Artist Statement
I am a gender-fluid interdisciplinary artist and researcher working at the intersection of art, queerness, and science. My practice delves into the sociological and phenomenological concepts of contact, care, consent, and confession, using non-linear cine poems, photography, and archival methods to explore the intricacies of a life lived beyond the binary.
My work stems from a deep commitment to eco-spiritualism, queering technology, and preserving trans histories. Through experimental methods—including contact prints, memoir writing, and sculptural artifacts—I aim to give form to expressions that challenge traditional standards of archiving and knowledge production. I often manipulate tools and media to disrupt societal norms and interrogate systems that perpetuate queer erasure.
self-portrait on the red trail #4
Welcome Hill Studios
2024
At the heart of my practice is a desire to create a liberated transgender archive, one that captures the multiplicity and fluidity of identity and the impermanence of queer ephemera.

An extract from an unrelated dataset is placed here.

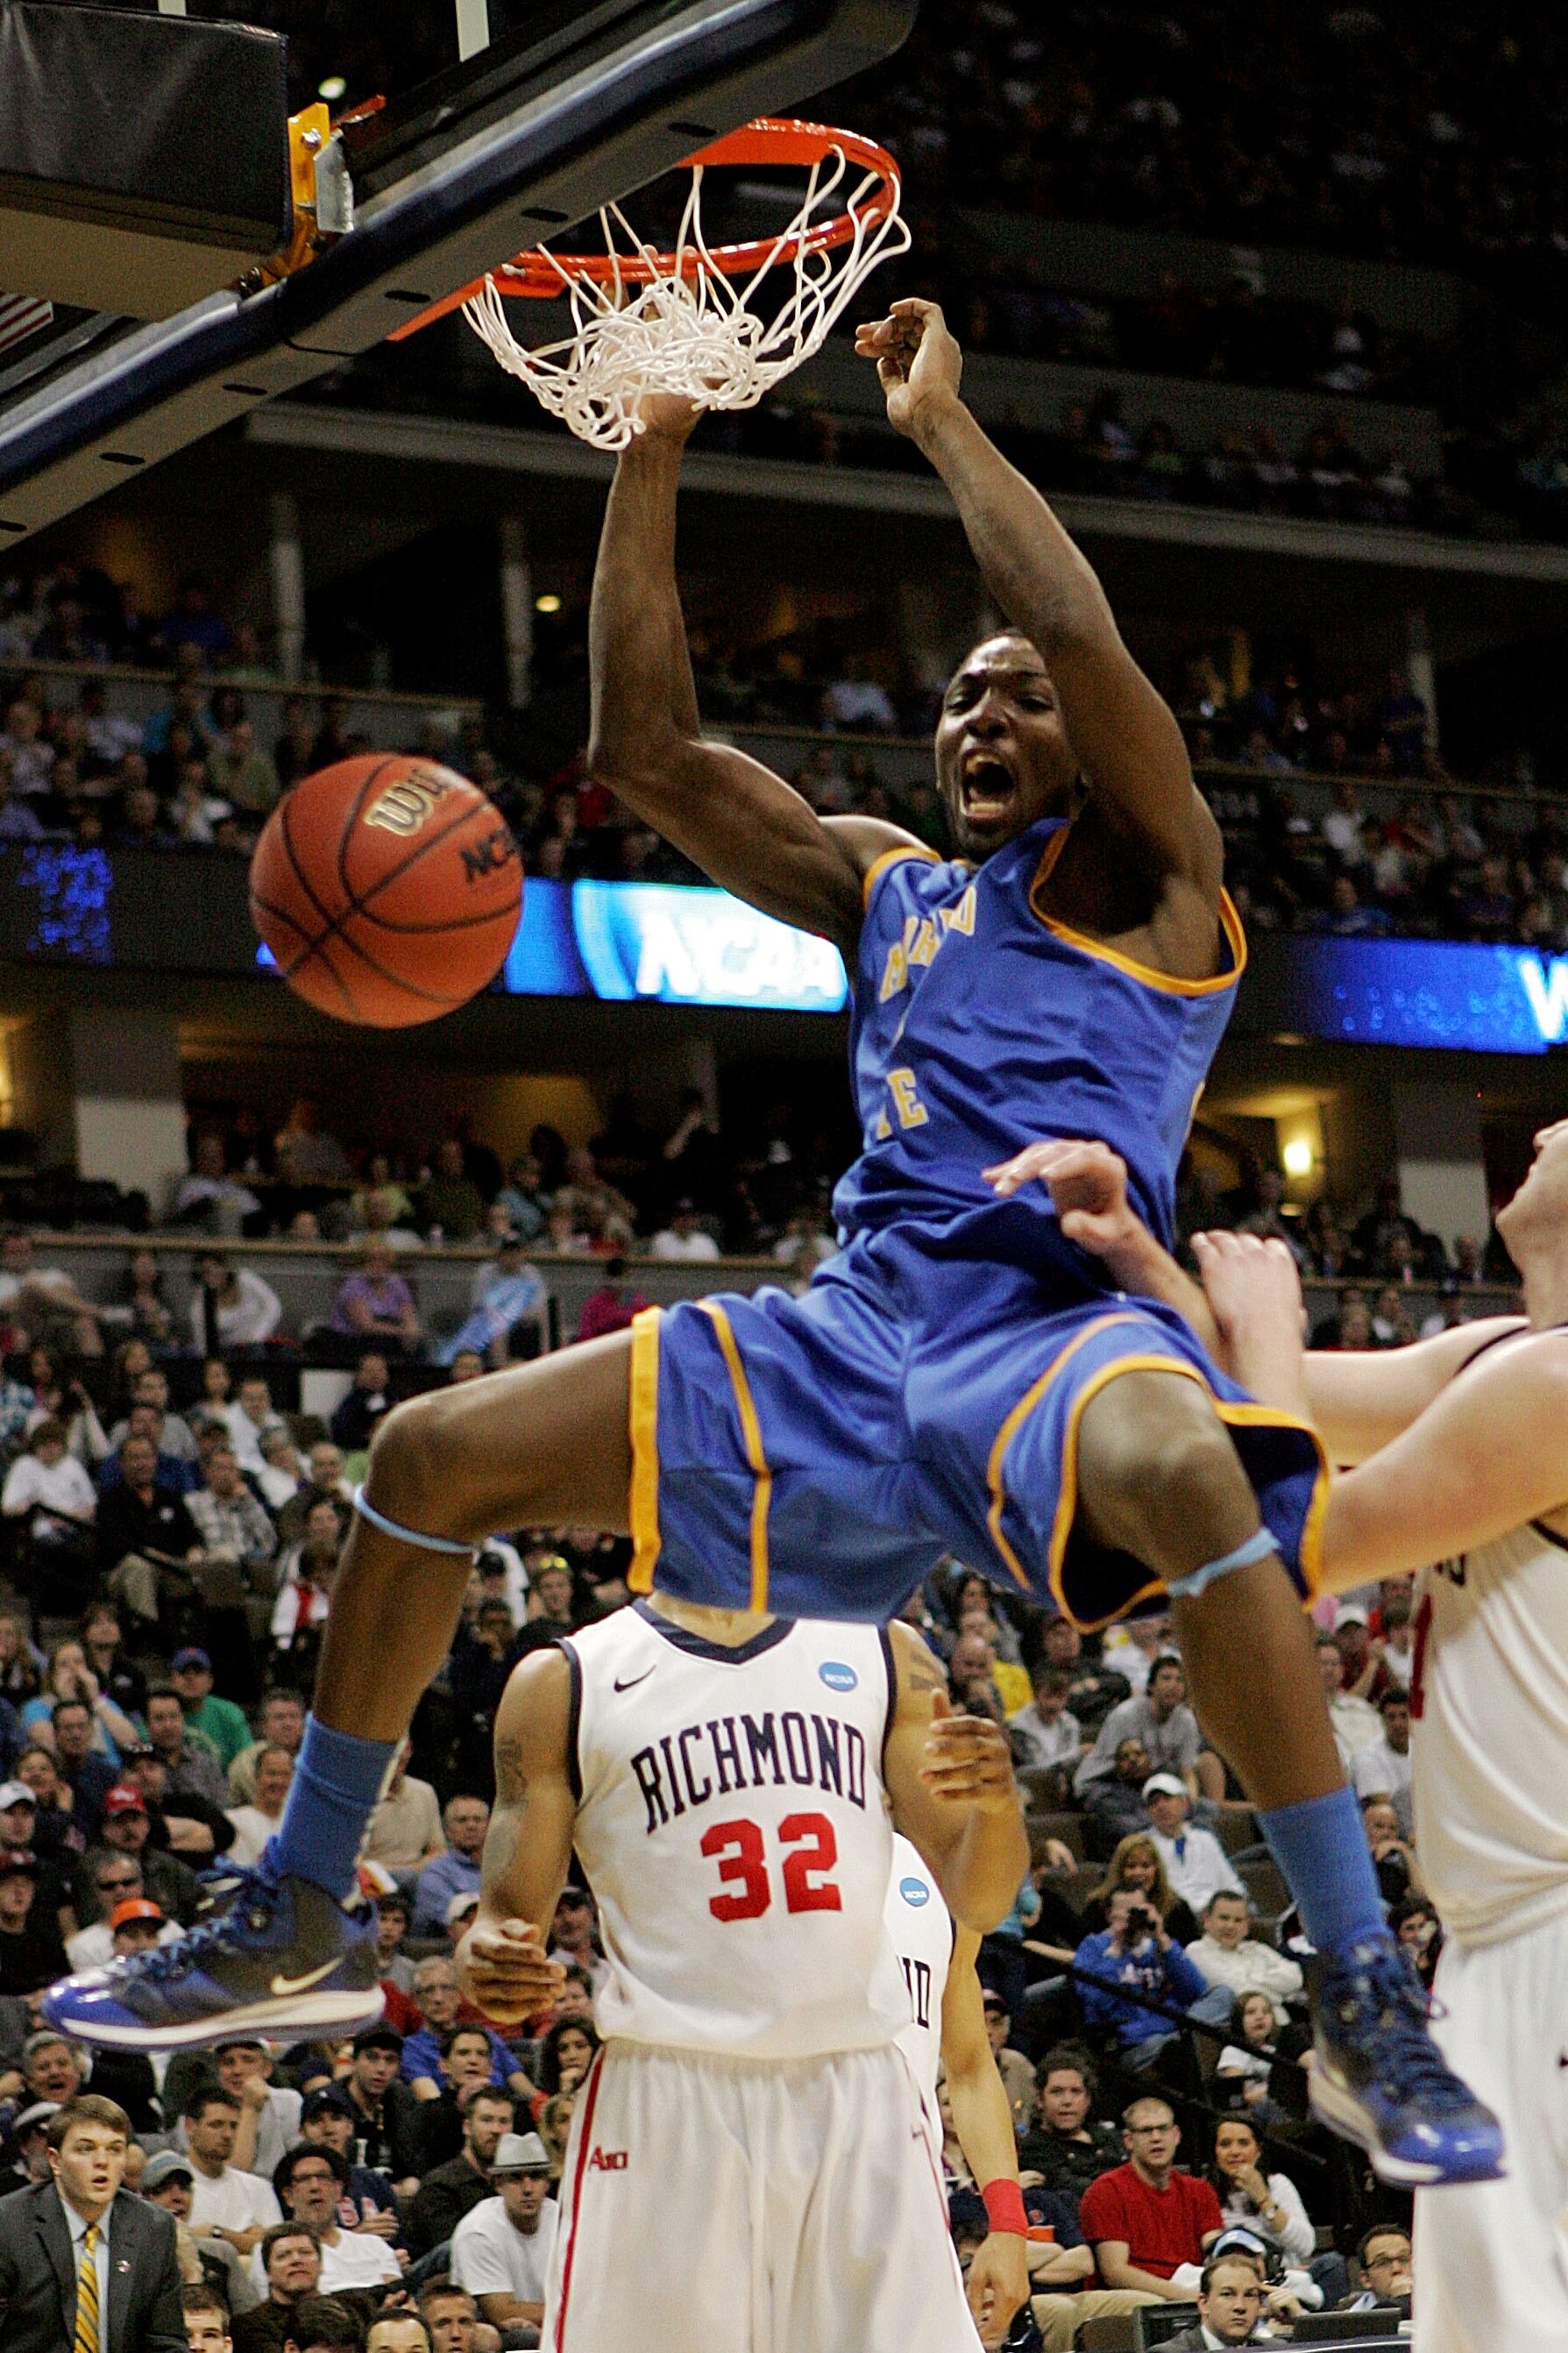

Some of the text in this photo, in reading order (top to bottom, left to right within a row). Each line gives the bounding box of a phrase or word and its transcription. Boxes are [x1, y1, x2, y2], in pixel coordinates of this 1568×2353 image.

[636, 913, 839, 997] NCAA
[630, 1712, 866, 1836] RICHMOND
[700, 1813, 842, 1923] 32

I believe that trans people deserve more agency over their post-mortem legacies, and my work seeks to build a queer canon that prioritizes inter-communal representation, consent, and euphoria.
Drawing from my own experiences as a runaway, foster system, CSA survivor, and someone deeply affected by the medical-industrial complex, I am particularly interested in documenting the material realities of trans existence. My recent work, "The Medical Transition Document: I Wanna Watch the Bluebirds Fly," utilizes the digital scan bed as photographic documentation to chronicle my bodily transformation and the medical artifacts of HRT and top surgery. Through this work, I aim to demystify gender-affirming medical care and create a blueprint for future generations to access and actualize their own trans identities.
Grounded in a blend of agrarian knowledge and critical theory, my work explores the intersection of natural and synthetic landscapes. I relate my transition to processes like photosynthesis, drawing parallels between my corporeal transformation and the cycles of growth, death, and rebirth in nature. My art not only critiques the failings of representational justice but also seeks to push beyond it, advocating for a material emancipation that addresses the lived realities of trans people.
I am heavily influenced by the works of queer theorists, filmmakers, and artists like Jose Esteban Munoz, Legacy Russell, Jonathan Caouette, Luce DeLire, and Julian Isaac, whose ideas around queerness, representation, and archival legacy inform my practice. My ultimate goal is to create art that disrupts the status quo, provides space for marginalized voices, and bridges the gap between theory and lived experience.